La saga di Assassin’s Creed è sempre un tema caldo di cui dibattere e terreno di scontro tra gli appassionati. Come in una moderna lotta tra templari e assassini, gli schieramenti si dividono tra gli strenui difensori di un mondo pre-Origins e un’altra frangia che invece ha di buon grado accettato i cambiamenti apportati al franchise. La serie nata nel 2007 ha più di 10 anni alle spalle, anni che è impensabile non leggere anche alla luce delle evoluzioni e delle tendenze che hanno attraversato tutto il mercato dei videogiochi. Una serie che resta immutata e uguale a sé stessa del resto non è meno bersaglio di critiche di una che prova a rivoluzionare le sue caratteristiche fondanti. Con l’avvento di Assassin’s Creed Valhalla è arrivato il momento per la redazione di GameDivision di stilare una top 5 di quelli che, secondo noi, sono i capitoli migliori.

Assassin's Creed 2

Chiedete a chiunque di Assassin’s Creed, anche a un giocatore meno ferrato su ogni aspetto della saga, e sentirete pronunciare queste parole: Assassin’s Creed 2 è il capitolo migliore. Di fronte a questa affermazione abbiamo in realtà ben poco da obiettare. AC2 ebbe il merito di rendere popolare un videogioco che al lancio nel 2007 - con il primo capitolo - non ricevette unanimi consensi né dalla stampa né dal pubblico come diversamente atteso. Assassin's Creed II corresse gran parte di ciò che nel primo gioco non funzionava a dovere rendendo azione e storia molto più coinvolgenti e appassionanti. La natura open world del titolo è molto simile: si corre sui tetti, si scalano imponenti strutture e si assassinano figure chiave, ma il tutto avviene in modo meno macchinoso e con maggiori possibilità sul fronte del gameplay. L’ingegno di Leonardo da Vinci accompagna questi miglioramenti in gioco fornendo quasi metaforicamente il passaggio dalle imperfezioni del primo capitolo agli aggiustamenti del secondo quando porge a Ezio Auditore una nuova lama celata, in continuità con quella di Altair ma al tempo stesso perfezionata.

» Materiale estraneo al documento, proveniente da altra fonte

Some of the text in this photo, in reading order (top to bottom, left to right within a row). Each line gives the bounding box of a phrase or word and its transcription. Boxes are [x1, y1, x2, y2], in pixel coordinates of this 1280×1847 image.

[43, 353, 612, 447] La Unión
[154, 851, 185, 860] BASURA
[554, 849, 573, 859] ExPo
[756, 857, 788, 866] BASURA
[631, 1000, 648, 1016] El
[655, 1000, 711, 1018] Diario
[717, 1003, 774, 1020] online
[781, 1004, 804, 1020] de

L’intreccio presente e passato è mantenuto intatto anche in questo capitolo, riprendendo esattamente da dove si erano sciolte le fila con Desmond Miles, personaggio centrale per lo svolgersi degli eventi ma offuscato sempre dalle gesta sicuramente più avventurose di un lontano discendente. La figura di Ezio Auditore da Firenze non è quella di Altaïr Ibn-La'Ahad, cresciuto e addestrato fin da bambino dalla Confraternita. Ezio è un donnaiolo, attaccabrighe, amante dei piaceri della vita, ma legato fortemente alla famiglia. È una figura fin da subito spensierata, estranea all’Ordine, che diverte e può anche far storcere il naso a qualcuno: non è né un santo né un modello, ed è giusto così. Quello che si impara a conoscere è l’uomo sotto al cappuccio e ci si sente più legati, poi gli eventi prendono una diversa piega e si viene trascinati in una storia di vendetta su uno sfondo incantevole come l’Italia rinascimentale e con una colonna sonora memorabile e mai invadente.

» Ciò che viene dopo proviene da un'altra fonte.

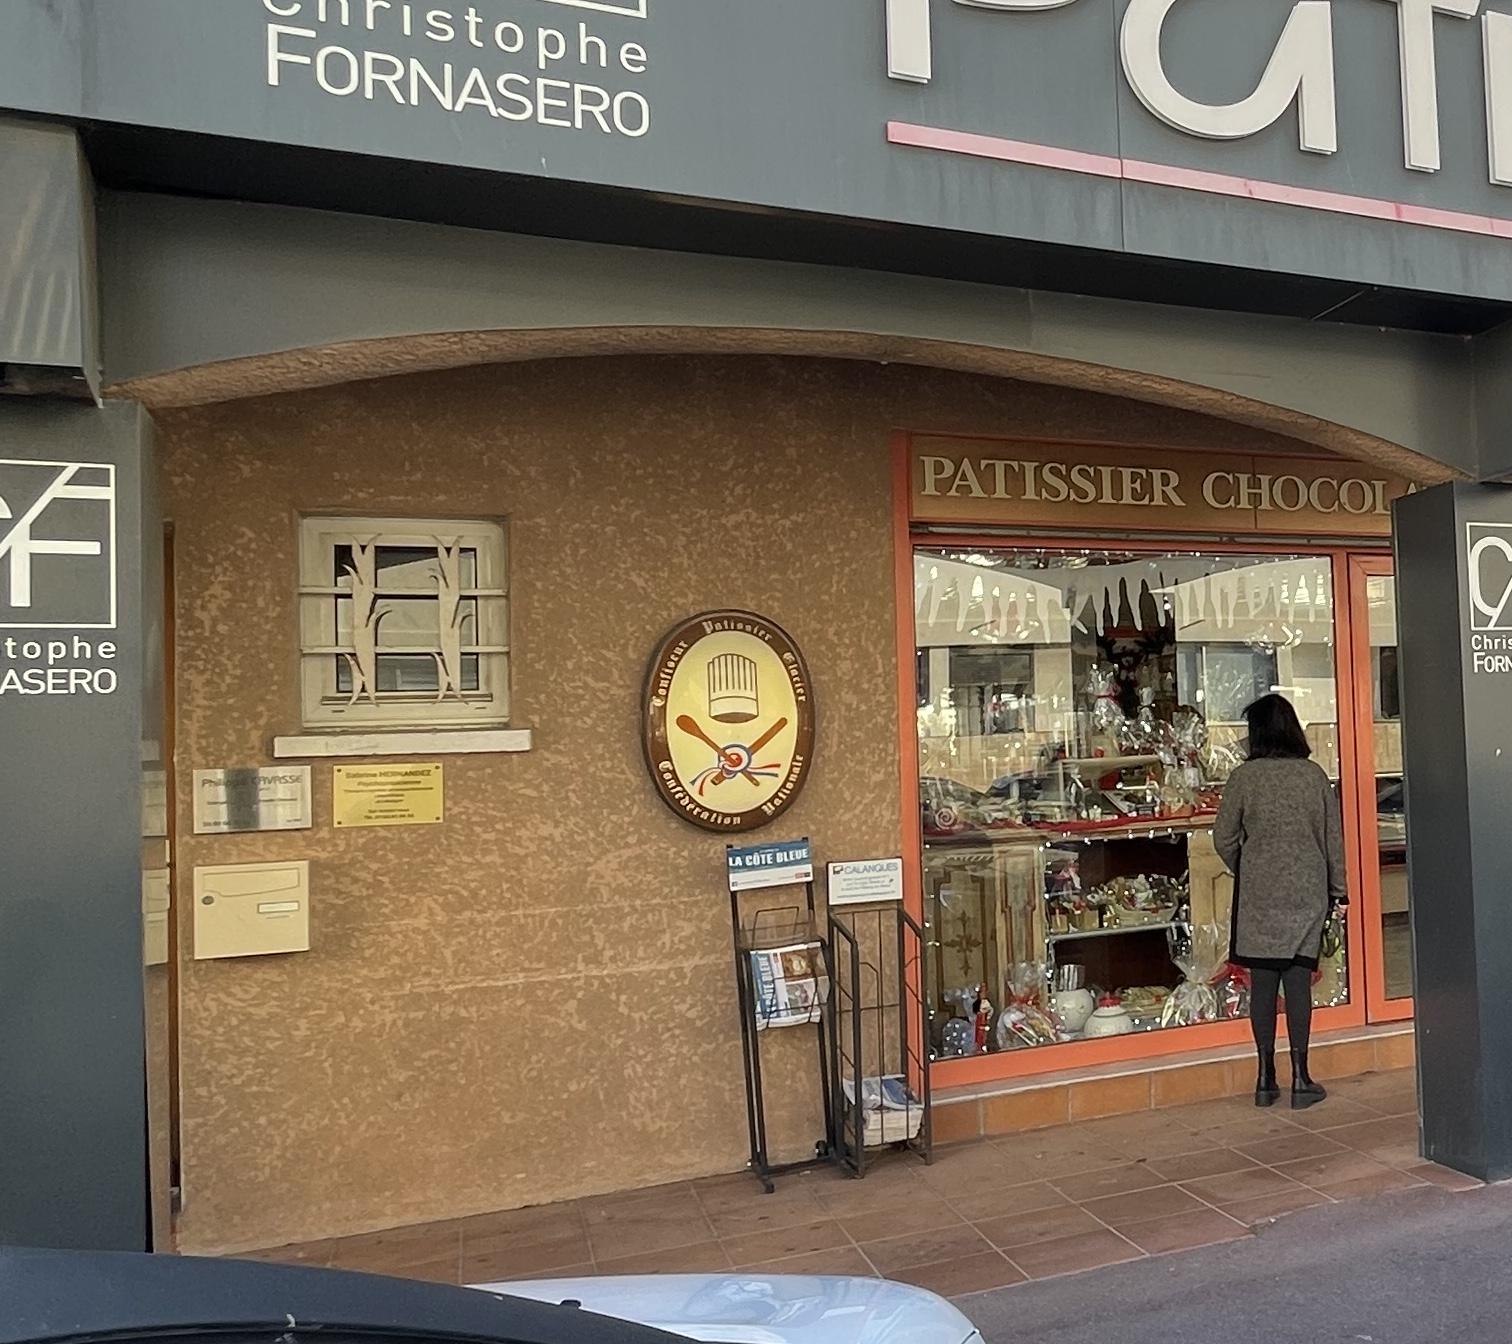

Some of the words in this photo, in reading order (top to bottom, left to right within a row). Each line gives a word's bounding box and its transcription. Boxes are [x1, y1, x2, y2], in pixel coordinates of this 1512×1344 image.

[267, 23, 650, 137] FORNASERO
[920, 455, 1187, 506] PATISSIER
[1202, 471, 1417, 516] CHOCOL
[4, 635, 117, 666] tophe
[0, 668, 117, 695] ASERO
[728, 855, 743, 867] LA
[745, 851, 774, 866] CÔTE
[776, 848, 809, 863] BLEUE
[844, 862, 899, 875] CALANQUES

Nel corso degli anni le ambientazioni ricreate dai team in forze a Ubisoft sono state incredibili, hanno raggiunto grandezze e dettagli da lasciare col fiato sospeso che oggi quasi diamo per scontato cosa aspettarci da un nuovo Assassin’s Creed, ma quando nel 2009 uscì ACII il metro di paragone era la Gerusalemme durante la Terza Crociata. Lo stacco fu netto: il periodo storico e le città di Firenze e Venezia offrivano scenari più vivi e raggianti. L’architettura si fondeva con naturalezza con le meccaniche parkour: salti e nuotate tra i canali, le passeggiate a Santa Croce, le arrampicate a tu per tu con il meraviglioso campanile di Giotto. Sarà che l’Italia è la nostra terra e dovremmo essere orgogliosi della bellezza e della storia del nostro Paese, anche quando ce ne dimentichiamo ed è un videogioco a ricordarcelo.

Assassin's Creed Origins

Alla serie di Assassin’s Creed serviva una sferzata importante dopo 9 capitoli. Da un gioco che aveva in passato dimostrato di avere ambizione e carattere per evolversi e migliorare, errori, passi falsi dettati dal ritmo incalzante dello sviluppo e poca spinta innovativa non sembravano appartenergli veramente. Il genere open world è cambiato molto dalle sue origini, la stessa Ubisoft ha contribuito significativamente al suo sviluppo anche con altri franchise, ma con l’affacciarsi di ibridi rpg, su più larga scala e maggiori libertà di ingaggio, Assassin’s Creed ne risultava battuto, soprattutto se consideriamo quanto limitata fosse la progressione in Syndicate rispetto ad altri giochi. So che c’è chi obietterà dicendo che il fulcro di Assassin’s Creed è la storia che è stata scritta per quel determinato personaggio e non come attraverso un certo pretesto narrativo una persona decida di muoversi prendendosi le sue ampie libertà, ma la trovo una visione troppo semplicistica di ciò che un gioco come Assassin’s Creed incarnava e un freno alle potenzialità che avrebbe potuto esprimere. Origins ha rappresentato un salto della fede, un tuffo dalla cima fino a quel momento raggiunta per atterrare e ripartire con una nuova visione.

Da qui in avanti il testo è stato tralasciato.